## WHAT YOU ARE ASKED TO DO
Set down each record exactly. Omit the pictures.

## LISTED ENTRIES
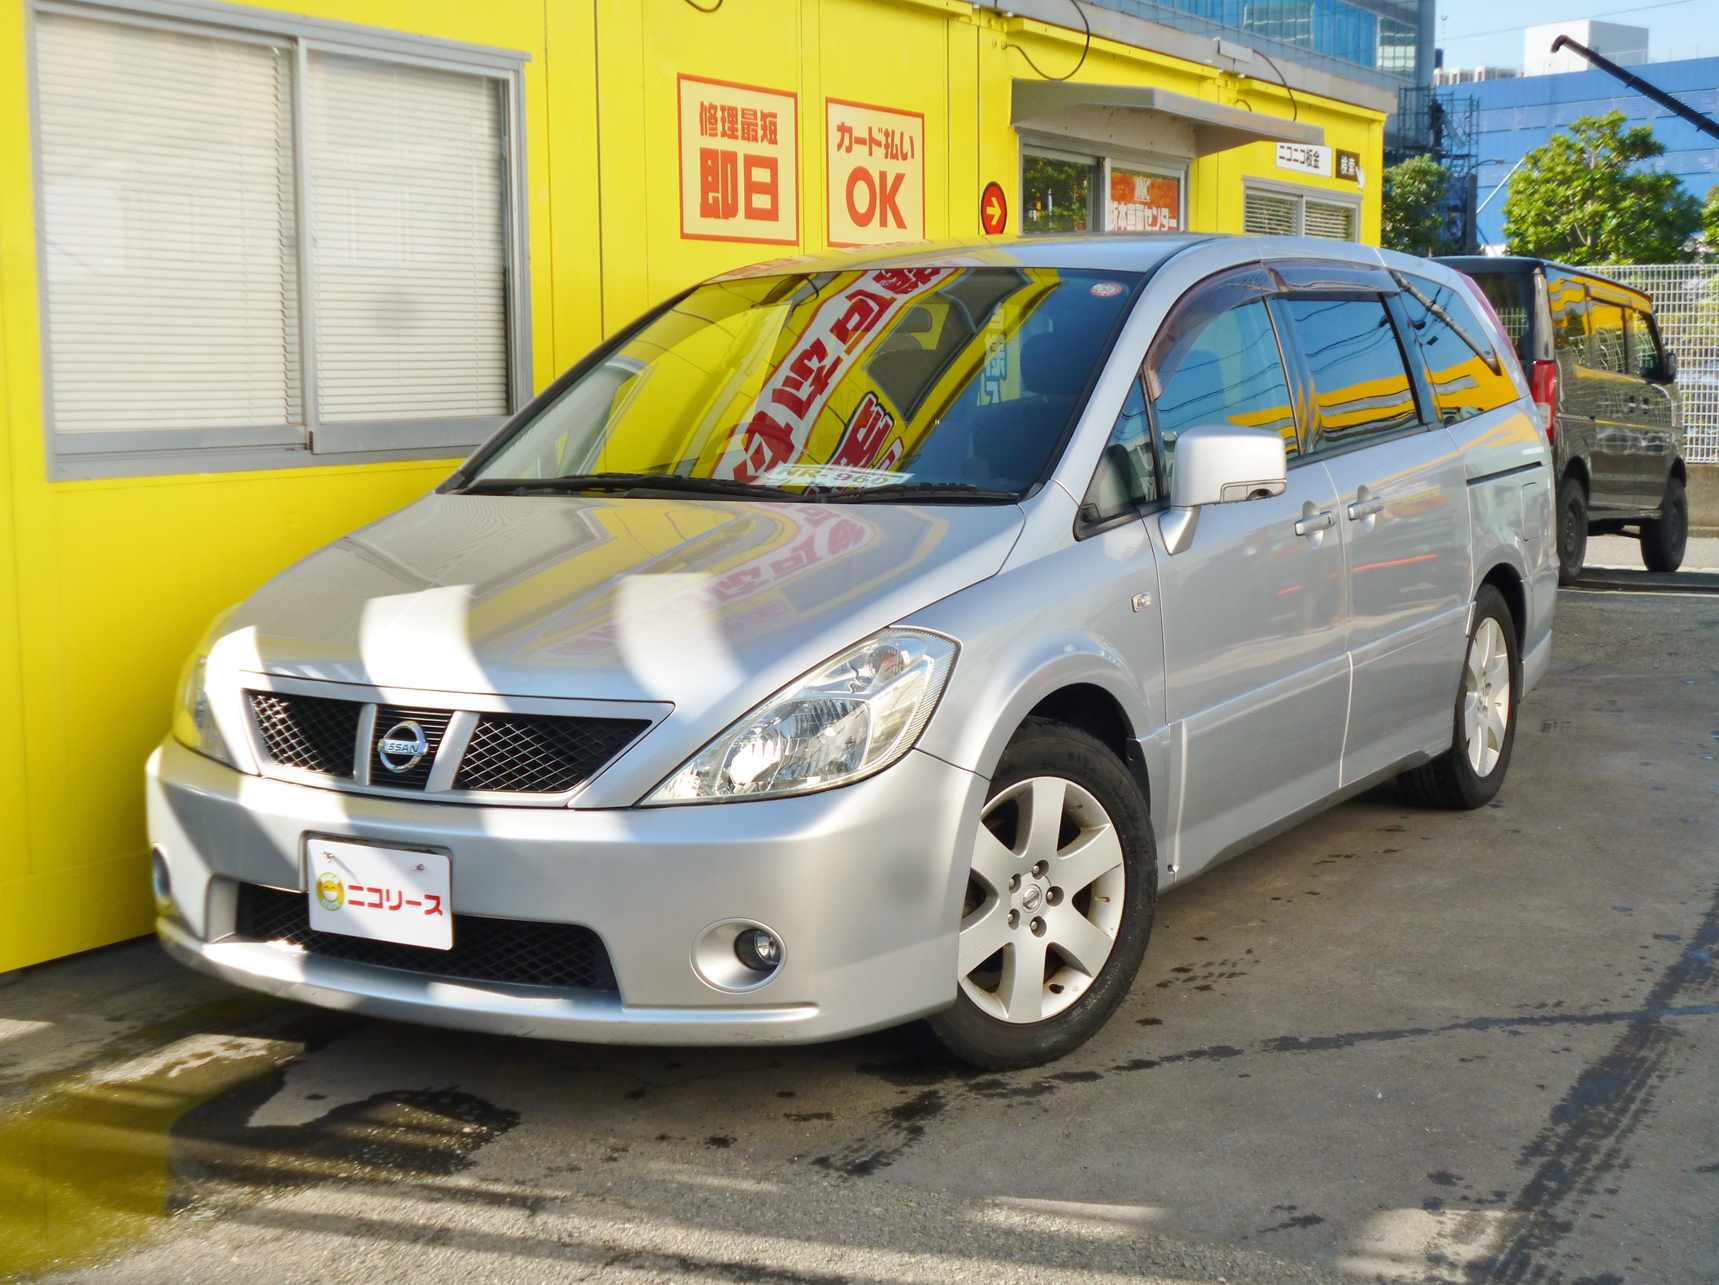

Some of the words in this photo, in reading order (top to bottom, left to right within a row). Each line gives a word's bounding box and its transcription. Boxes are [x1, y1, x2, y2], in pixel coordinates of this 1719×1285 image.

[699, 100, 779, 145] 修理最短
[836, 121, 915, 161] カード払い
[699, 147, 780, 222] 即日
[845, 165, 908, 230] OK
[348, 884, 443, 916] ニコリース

## SOLVED EXERCISE
Some of the words in this photo, in reading order (top to bottom, left to right within a row). Each line gives a word's bounding box and its transcription. Boxes are [x1, y1, x2, y2], in pixel coordinates of this 1719×1285 image.

[699, 100, 779, 145] 修理最短
[836, 121, 915, 161] カード払い
[699, 147, 780, 222] 即日
[845, 165, 908, 230] OK
[348, 884, 443, 916] ニコリース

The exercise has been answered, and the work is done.